INSTRUCTIONS TO FOLLOW: When you restate the records, do so word for word and omit any picture they contain.

--

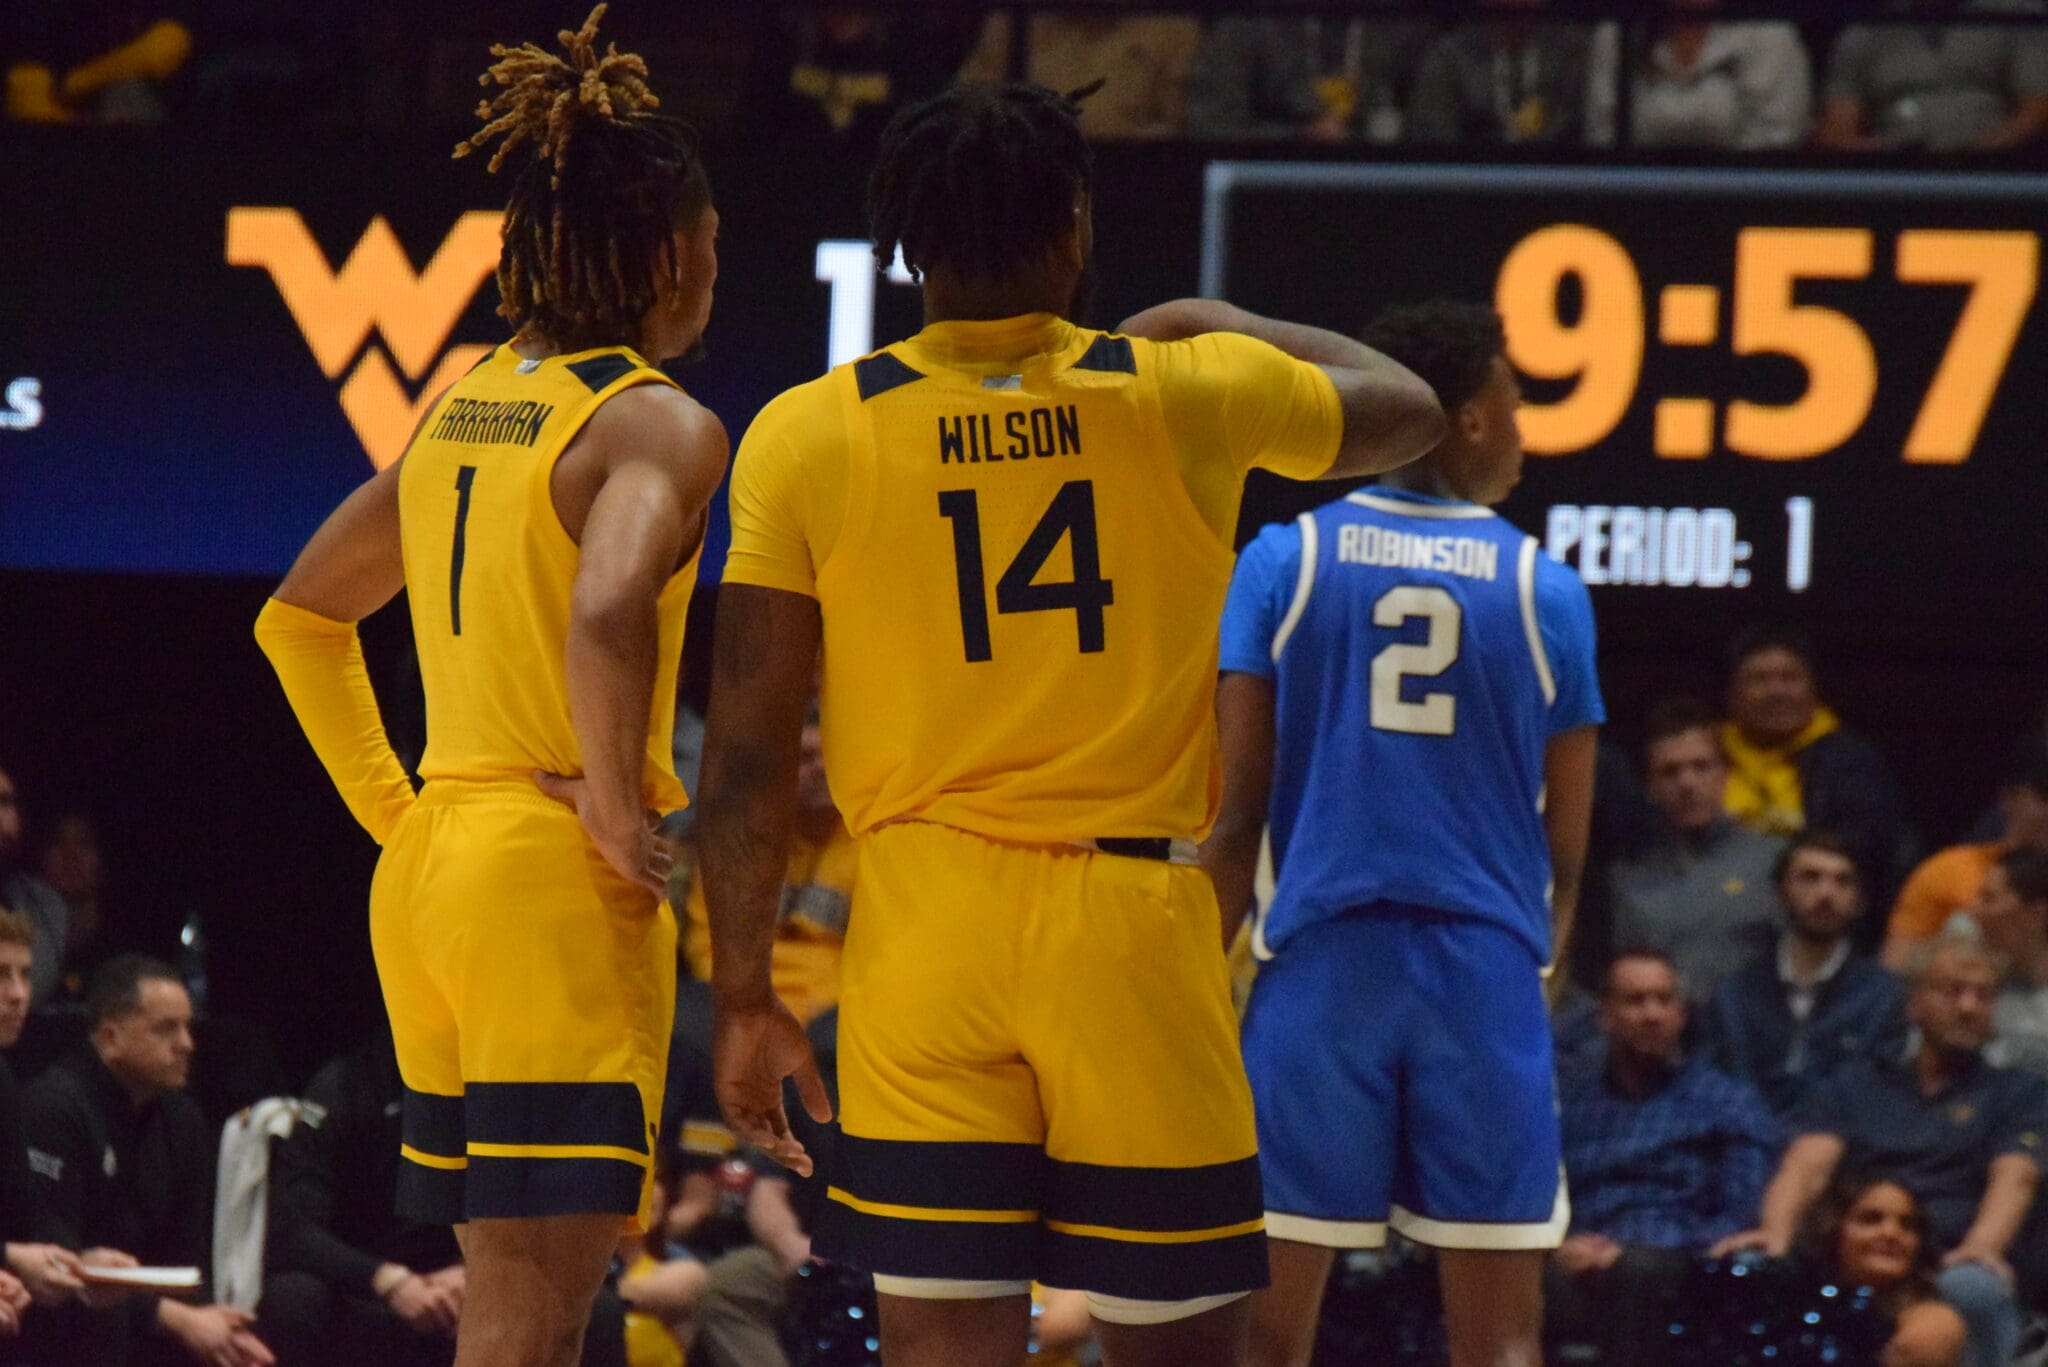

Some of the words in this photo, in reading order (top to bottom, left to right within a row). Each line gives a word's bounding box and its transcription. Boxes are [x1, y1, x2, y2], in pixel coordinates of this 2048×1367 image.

[1495, 223, 2038, 463] 9:57
[430, 397, 554, 448] FARRAKHAN
[938, 405, 1081, 464] WILSON
[450, 465, 477, 636] 1
[938, 480, 1114, 663] 14
[1338, 524, 1498, 581] ROBINSON
[1546, 503, 1752, 588] PERIOD:
[1785, 496, 1812, 593] 1
[1369, 584, 1462, 736] 2
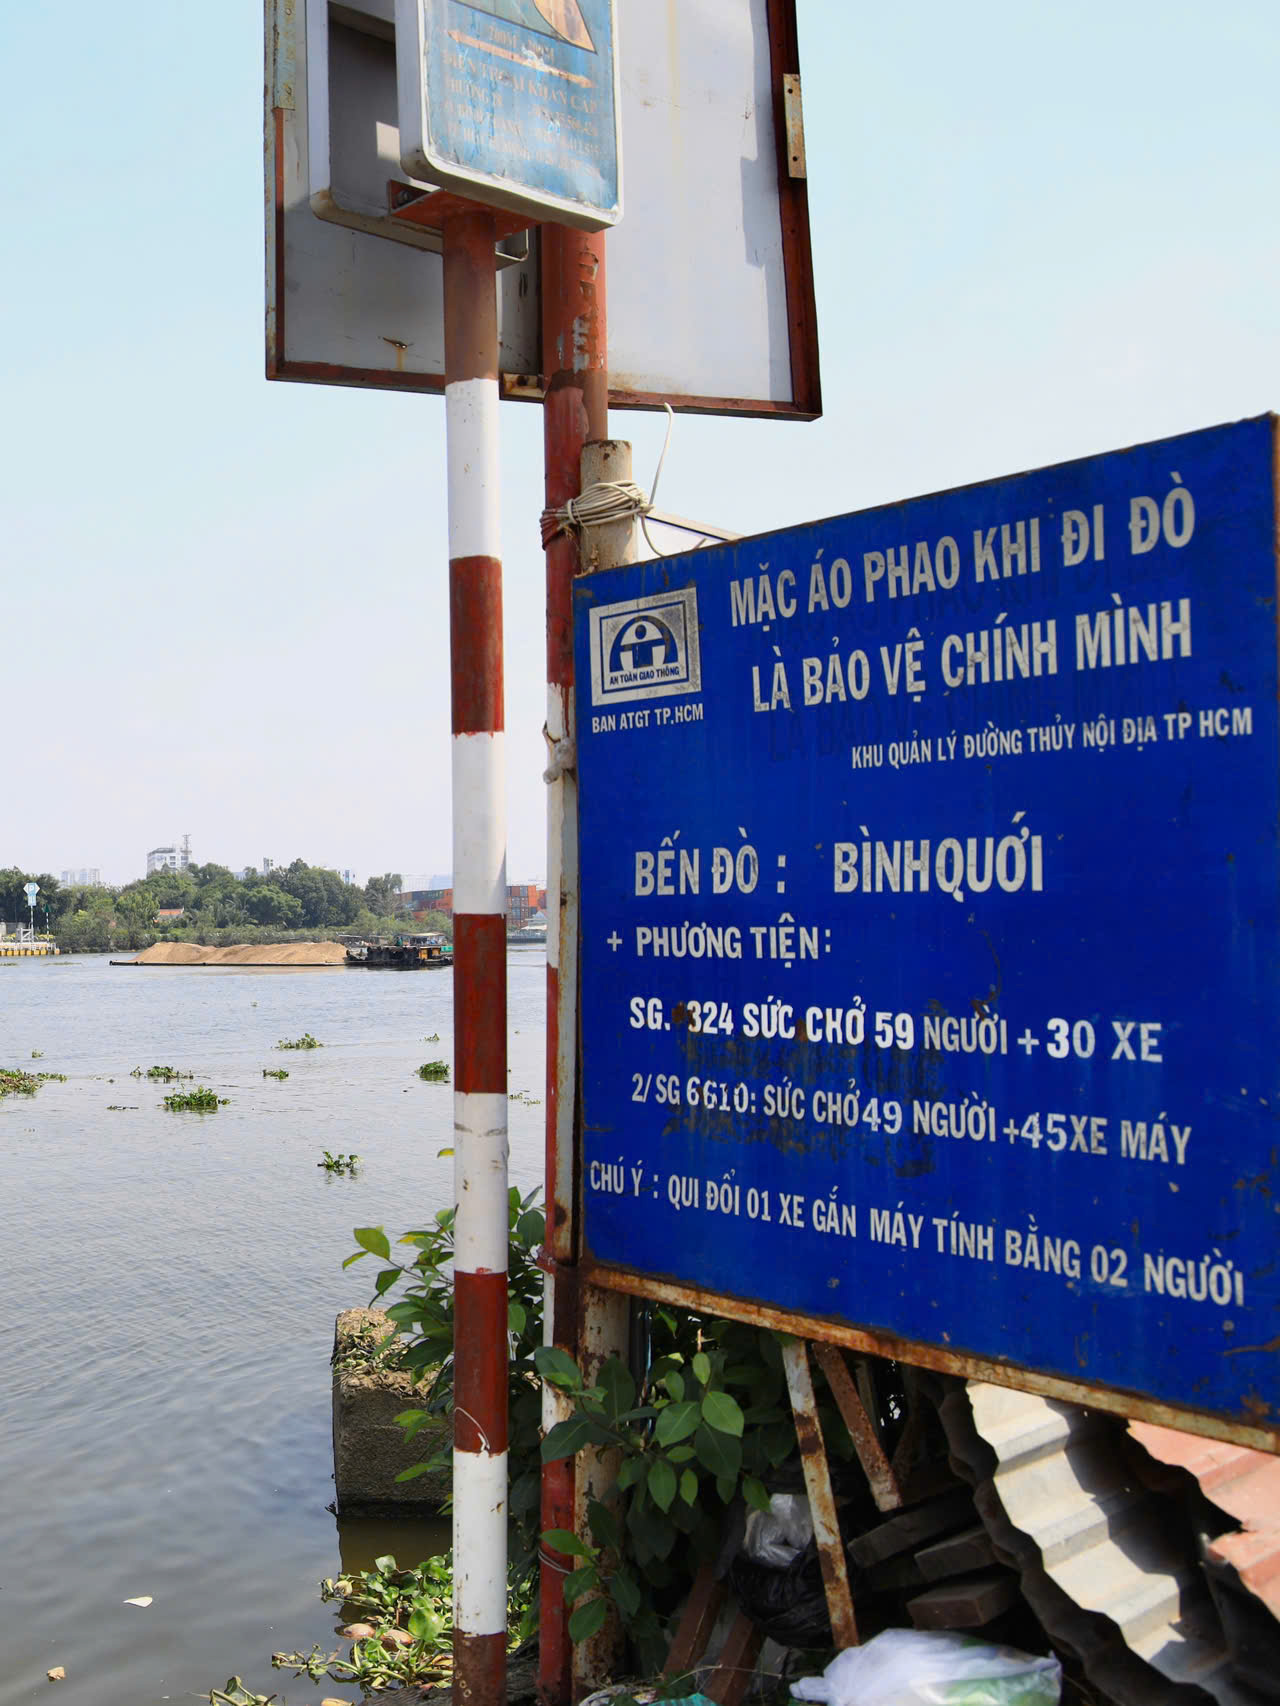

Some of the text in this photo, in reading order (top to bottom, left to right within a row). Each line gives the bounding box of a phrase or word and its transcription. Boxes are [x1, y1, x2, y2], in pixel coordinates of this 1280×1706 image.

[730, 471, 1195, 632] MẶC ÁO PHAO KHI ĐI ĐÒ
[610, 666, 680, 686] AN TOÀN GIAO THÔNG
[752, 592, 1192, 713] LÀ BẢO VỆ CHÍNH MÌNH
[591, 703, 704, 733] BAN ATGT TP.HCM
[852, 707, 1253, 769] KHU QUẢN LÝ ĐƯỜNG THỦY NỘI ĐỊA TP HCM
[635, 830, 700, 896] BẾN
[711, 826, 759, 894] ĐÒ
[636, 920, 742, 959] PHƯƠNG
[742, 995, 796, 1040] SỨC
[805, 995, 867, 1046] CHỞ
[874, 1011, 915, 1051] 59
[923, 1004, 1008, 1055] NGƯỜI
[1111, 1021, 1163, 1063] XE
[763, 1076, 805, 1120] SỨC
[913, 1091, 996, 1142] NGƯỜI
[1121, 1111, 1192, 1165] MÁY
[590, 1156, 624, 1194] CHÚ
[631, 1159, 643, 1197] Ý
[668, 1174, 699, 1211] QUI
[705, 1168, 740, 1216] ĐỔI
[746, 1187, 771, 1222] 01
[779, 1192, 805, 1228] XE
[812, 1185, 857, 1238] GẮN
[870, 1201, 924, 1249] MÁY
[932, 1211, 994, 1262] TÍNH
[1005, 1214, 1081, 1279] BẰNG
[1091, 1245, 1128, 1288] 02
[1143, 1248, 1244, 1305] NGƯỜI
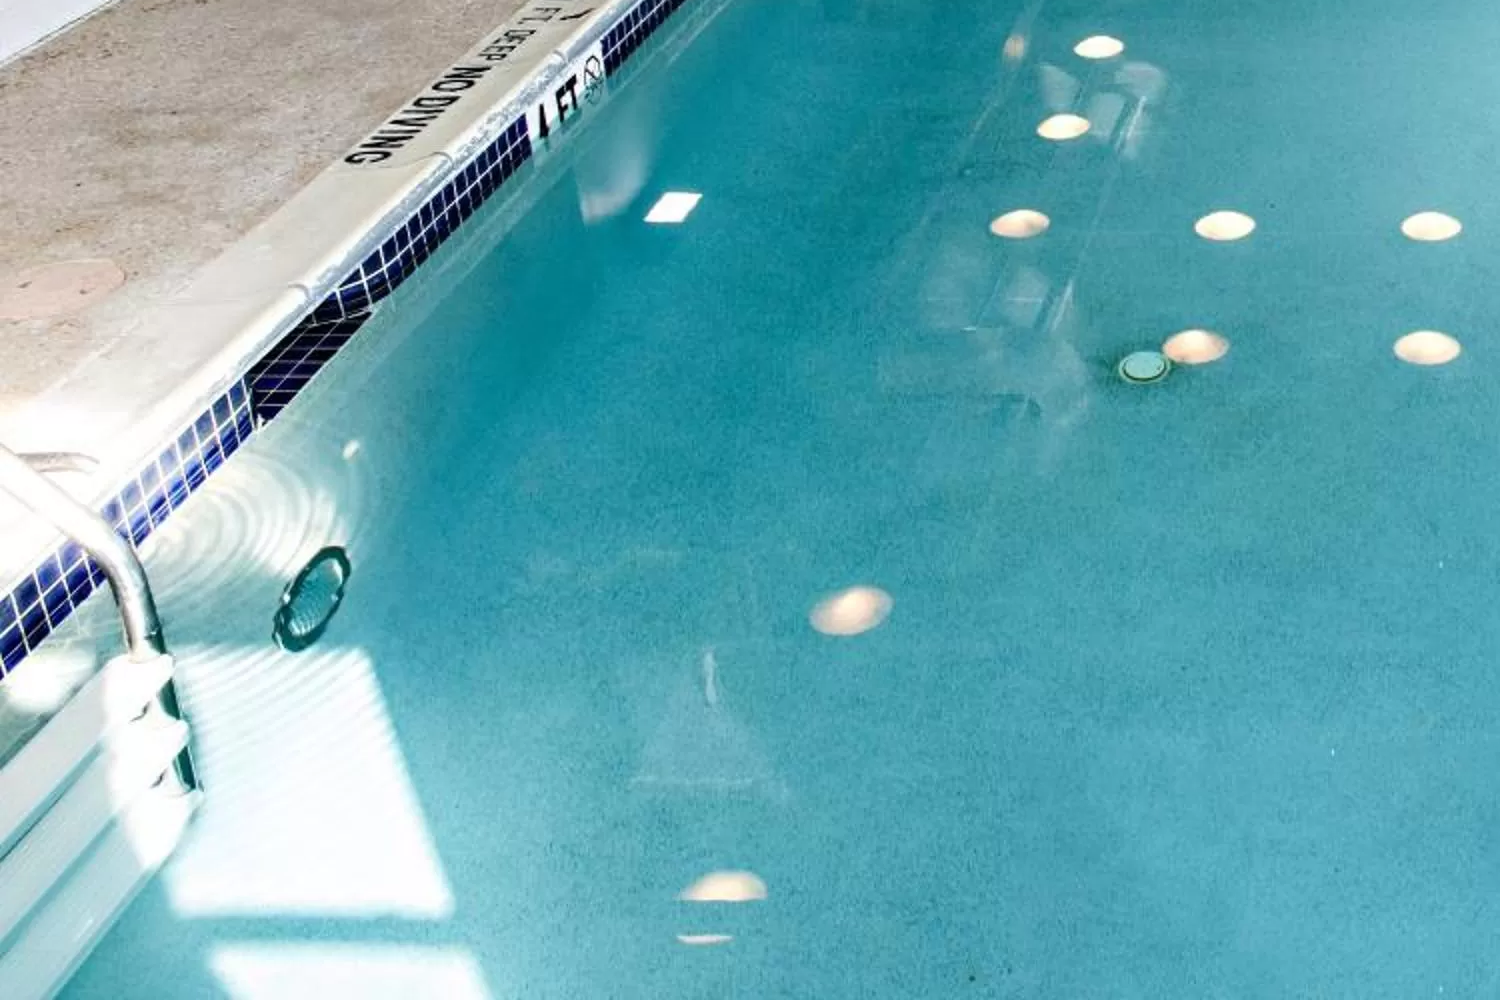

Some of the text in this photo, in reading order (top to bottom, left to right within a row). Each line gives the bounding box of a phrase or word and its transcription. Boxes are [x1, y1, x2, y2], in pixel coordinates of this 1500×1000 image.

--

ANSWER SPACE:
Some of the words in this photo, in reading order (top to bottom, left to right within a row). Each line gives a word's bounding box and its transcription. Boxes are [x1, y1, x2, y2], in pixel coordinates of this 2048×1367 image.

[1495, 223, 2038, 463] 9:57
[430, 397, 554, 448] FARRAKHAN
[938, 405, 1081, 464] WILSON
[450, 465, 477, 636] 1
[938, 480, 1114, 663] 14
[1338, 524, 1498, 581] ROBINSON
[1546, 503, 1752, 588] PERIOD:
[1785, 496, 1812, 593] 1
[1369, 584, 1462, 736] 2

Some of the text in this photo, in reading order (top to bottom, left to right within a row). Each line gives the bounding box of a phrase or word and its transcription. Boxes are [x1, y1, x2, y2], in pixel coordinates of this 1280×1706 image.

[730, 471, 1195, 632] MẶC ÁO PHAO KHI ĐI ĐÒ
[610, 666, 680, 686] AN TOÀN GIAO THÔNG
[752, 592, 1192, 713] LÀ BẢO VỆ CHÍNH MÌNH
[591, 703, 704, 733] BAN ATGT TP.HCM
[852, 707, 1253, 769] KHU QUẢN LÝ ĐƯỜNG THỦY NỘI ĐỊA TP HCM
[635, 830, 700, 896] BẾN
[711, 826, 759, 894] ĐÒ
[636, 920, 742, 959] PHƯƠNG
[742, 995, 796, 1040] SỨC
[805, 995, 867, 1046] CHỞ
[874, 1011, 915, 1051] 59
[923, 1004, 1008, 1055] NGƯỜI
[1111, 1021, 1163, 1063] XE
[763, 1076, 805, 1120] SỨC
[913, 1091, 996, 1142] NGƯỜI
[1121, 1111, 1192, 1165] MÁY
[590, 1156, 624, 1194] CHÚ
[631, 1159, 643, 1197] Ý
[668, 1174, 699, 1211] QUI
[705, 1168, 740, 1216] ĐỔI
[746, 1187, 771, 1222] 01
[779, 1192, 805, 1228] XE
[812, 1185, 857, 1238] GẮN
[870, 1201, 924, 1249] MÁY
[932, 1211, 994, 1262] TÍNH
[1005, 1214, 1081, 1279] BẰNG
[1091, 1245, 1128, 1288] 02
[1143, 1248, 1244, 1305] NGƯỜI

Some of the text in this photo, in reading order (top to bottom, left to right within a row). Each line gives the bounding box of a phrase or word and its transcription. Boxes are [x1, y1, x2, y2], in pixel coordinates of this 1500×1000 image.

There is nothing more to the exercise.